**Data for this exercise**

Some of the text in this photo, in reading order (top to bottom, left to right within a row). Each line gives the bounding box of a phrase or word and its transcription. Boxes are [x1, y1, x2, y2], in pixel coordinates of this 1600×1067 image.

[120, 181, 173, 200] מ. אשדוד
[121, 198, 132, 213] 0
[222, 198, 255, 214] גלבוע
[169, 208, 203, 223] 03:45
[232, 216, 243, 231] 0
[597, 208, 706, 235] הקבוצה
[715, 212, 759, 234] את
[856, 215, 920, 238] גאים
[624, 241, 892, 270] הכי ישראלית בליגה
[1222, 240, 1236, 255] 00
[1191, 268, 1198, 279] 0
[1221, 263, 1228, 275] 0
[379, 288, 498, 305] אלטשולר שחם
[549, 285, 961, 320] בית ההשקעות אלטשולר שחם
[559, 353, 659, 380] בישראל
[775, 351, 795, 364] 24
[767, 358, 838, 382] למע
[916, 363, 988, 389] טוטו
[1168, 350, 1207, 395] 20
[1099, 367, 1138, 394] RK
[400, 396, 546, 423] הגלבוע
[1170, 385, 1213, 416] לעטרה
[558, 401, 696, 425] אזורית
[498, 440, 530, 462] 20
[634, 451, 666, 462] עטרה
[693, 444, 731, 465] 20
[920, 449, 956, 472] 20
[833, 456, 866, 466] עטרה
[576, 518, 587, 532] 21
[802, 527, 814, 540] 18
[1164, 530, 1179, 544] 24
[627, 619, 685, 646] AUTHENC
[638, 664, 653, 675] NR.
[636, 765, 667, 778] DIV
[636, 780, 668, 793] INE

**Exercise**
Print the listing exactly. Every line must match.

**Solution to this exercise**
Some of the text in this photo, in reading order (top to bottom, left to right within a row). Each line gives the bounding box of a phrase or word and its transcription. Boxes are [x1, y1, x2, y2], in pixel coordinates of this 1600×1067 image.

[120, 181, 173, 200] מ. אשדוד
[121, 198, 132, 213] 0
[222, 198, 255, 214] גלבוע
[169, 208, 203, 223] 03:45
[232, 216, 243, 231] 0
[597, 208, 706, 235] הקבוצה
[715, 212, 759, 234] את
[856, 215, 920, 238] גאים
[624, 241, 892, 270] הכי ישראלית בליגה
[1222, 240, 1236, 255] 00
[1191, 268, 1198, 279] 0
[1221, 263, 1228, 275] 0
[379, 288, 498, 305] אלטשולר שחם
[549, 285, 961, 320] בית ההשקעות אלטשולר שחם
[559, 353, 659, 380] בישראל
[775, 351, 795, 364] 24
[767, 358, 838, 382] למע
[916, 363, 988, 389] טוטו
[1168, 350, 1207, 395] 20
[1099, 367, 1138, 394] RK
[400, 396, 546, 423] הגלבוע
[1170, 385, 1213, 416] לעטרה
[558, 401, 696, 425] אזורית
[498, 440, 530, 462] 20
[634, 451, 666, 462] עטרה
[693, 444, 731, 465] 20
[920, 449, 956, 472] 20
[833, 456, 866, 466] עטרה
[576, 518, 587, 532] 21
[802, 527, 814, 540] 18
[1164, 530, 1179, 544] 24
[627, 619, 685, 646] AUTHENC
[638, 664, 653, 675] NR.
[636, 765, 667, 778] DIV
[636, 780, 668, 793] INE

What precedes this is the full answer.